(What you need to do) Repeat only part of the entries. Start at the line that has "Some of the words" and keep going through the last line, exactly as given.

(Extracted material)
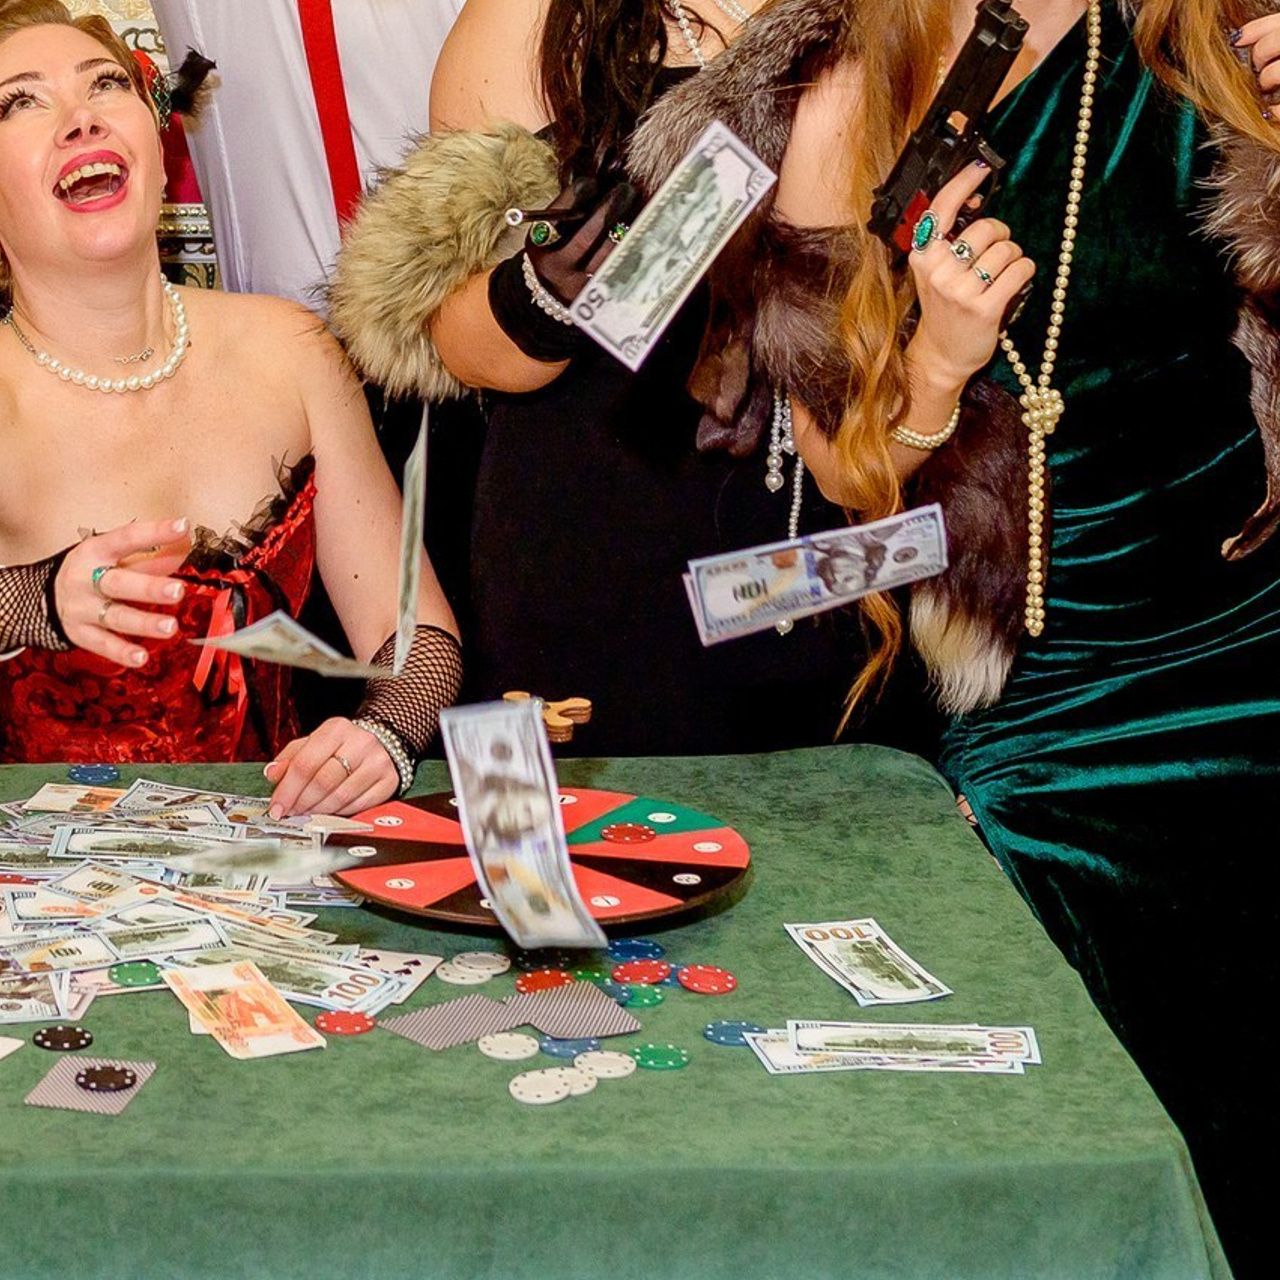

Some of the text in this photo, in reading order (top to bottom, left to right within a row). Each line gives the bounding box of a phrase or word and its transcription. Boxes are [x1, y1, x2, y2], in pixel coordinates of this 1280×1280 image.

[576, 287, 605, 321] 50
[804, 926, 873, 942] 100
[327, 973, 381, 1003] 100
[987, 1031, 1025, 1055] 100
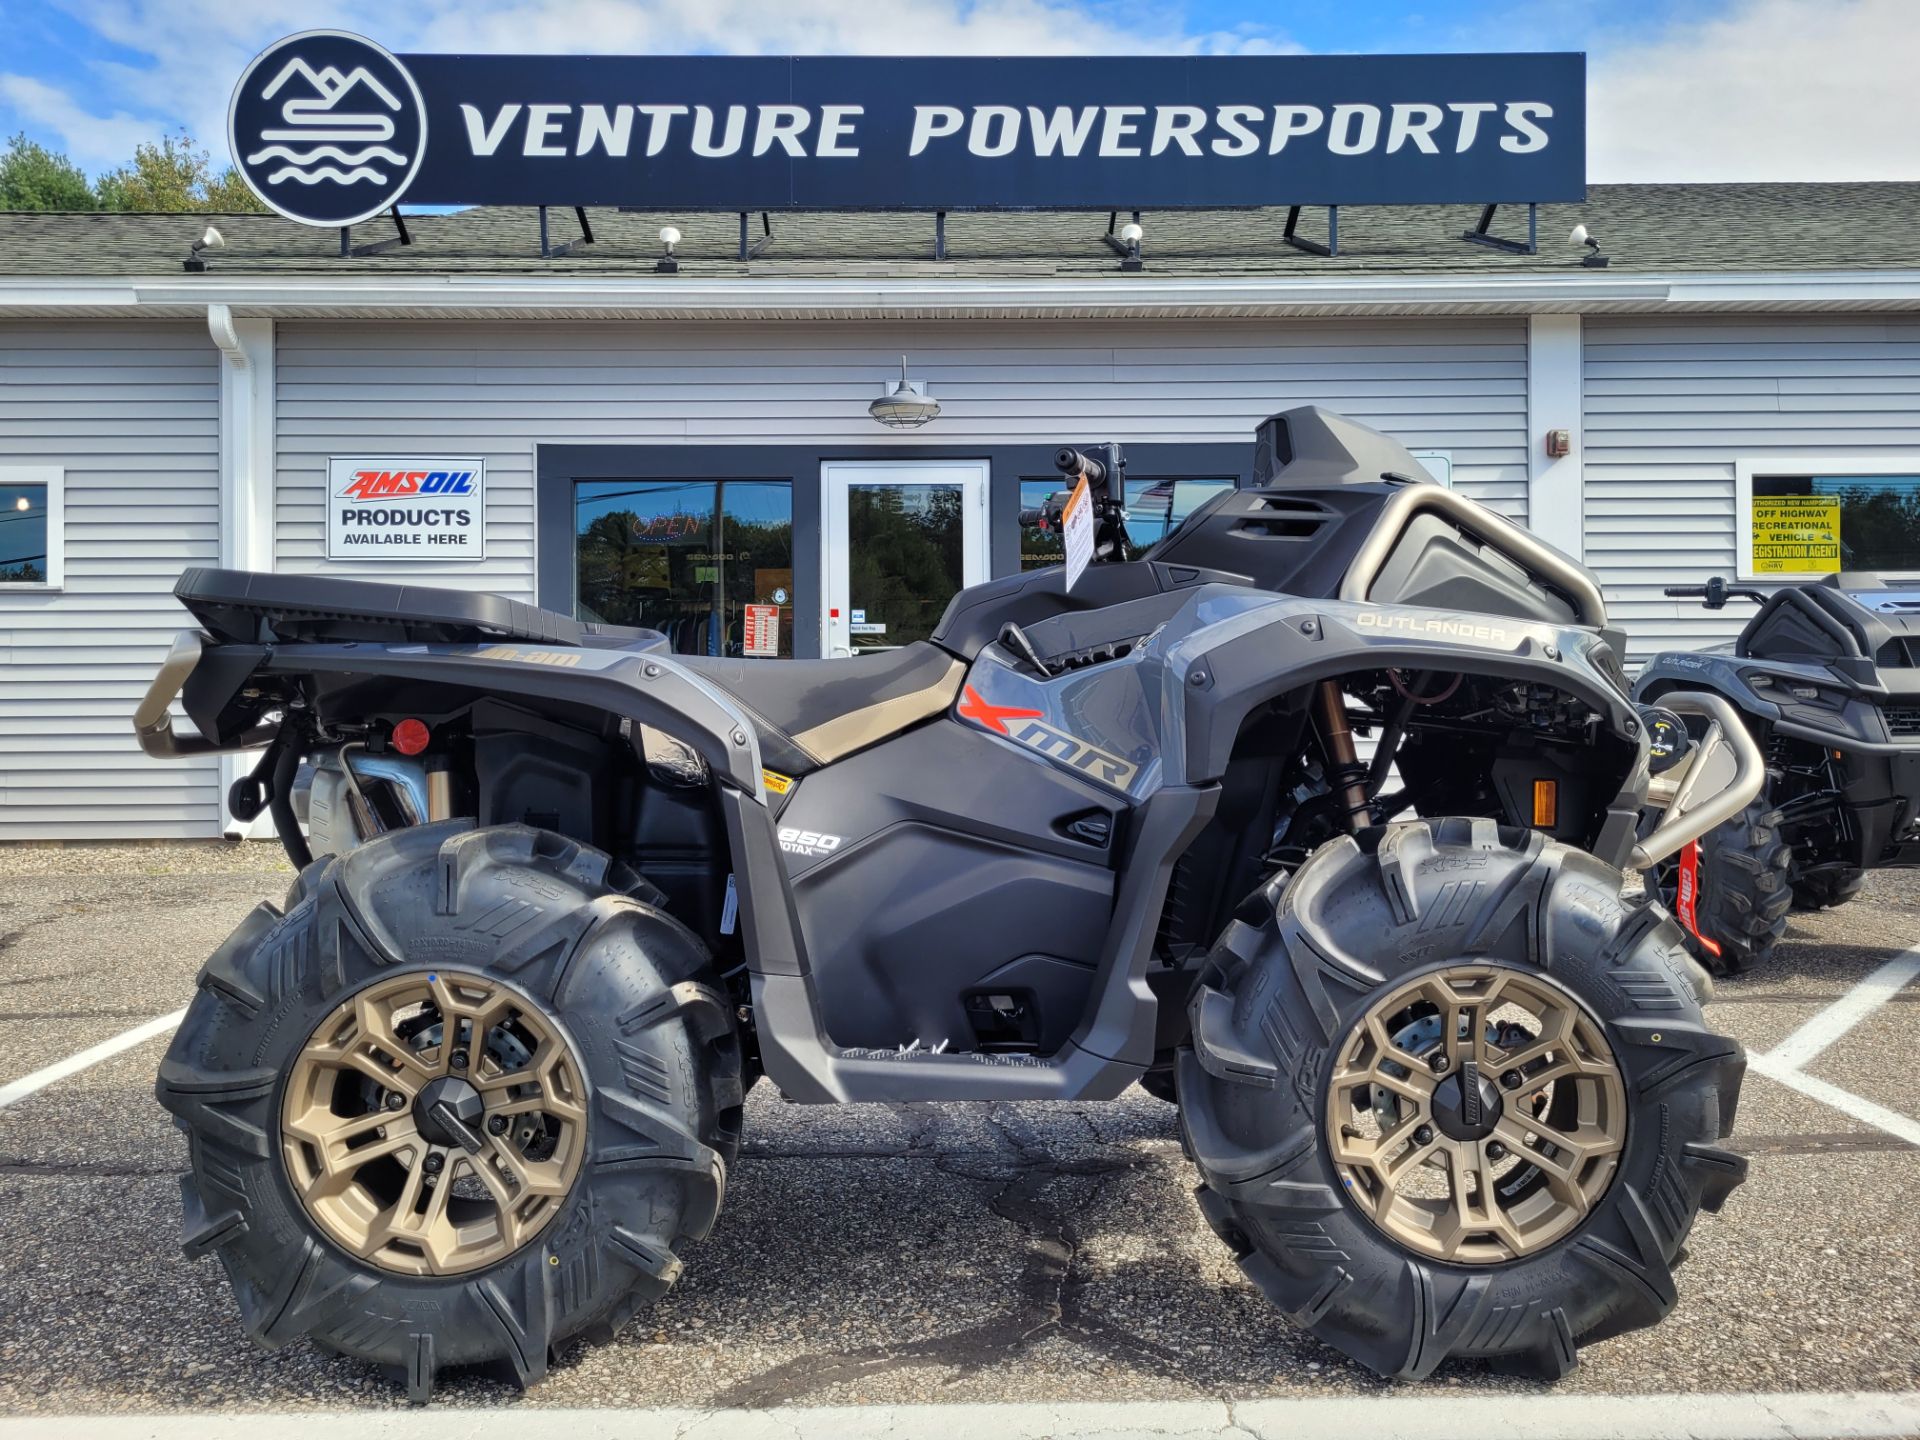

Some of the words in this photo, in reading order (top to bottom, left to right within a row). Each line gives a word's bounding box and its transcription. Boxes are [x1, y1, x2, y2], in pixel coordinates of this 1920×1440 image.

[459, 104, 865, 157] VENTURE
[909, 102, 1554, 157] POWERSPORTS
[343, 471, 473, 500] AMSOIL
[342, 509, 471, 526] PRODUCTS
[1756, 510, 1776, 518] OFF
[1780, 510, 1828, 518] HIGHWAY
[632, 515, 700, 535] OPEN
[1753, 522, 1832, 530] RECREATIONAL
[343, 534, 421, 545] AVAILABLE
[427, 534, 468, 545] HERE
[1769, 533, 1814, 541] VEHICLE
[1754, 546, 1807, 558] EGISTRATION
[1809, 546, 1837, 558] AGENT
[1357, 612, 1505, 642] OUTLANDER
[777, 828, 841, 850] 850

(Finished task)
Some of the words in this photo, in reading order (top to bottom, left to right within a row). Each line gives a word's bounding box and its transcription. Boxes are [x1, y1, x2, y2], in pixel coordinates of this 1920×1440 image.

[459, 104, 865, 157] VENTURE
[909, 102, 1554, 157] POWERSPORTS
[343, 471, 473, 500] AMSOIL
[342, 509, 471, 526] PRODUCTS
[1756, 510, 1776, 518] OFF
[1780, 510, 1828, 518] HIGHWAY
[632, 515, 700, 535] OPEN
[1753, 522, 1832, 530] RECREATIONAL
[343, 534, 421, 545] AVAILABLE
[427, 534, 468, 545] HERE
[1769, 533, 1814, 541] VEHICLE
[1754, 546, 1807, 558] EGISTRATION
[1809, 546, 1837, 558] AGENT
[1357, 612, 1505, 642] OUTLANDER
[777, 828, 841, 850] 850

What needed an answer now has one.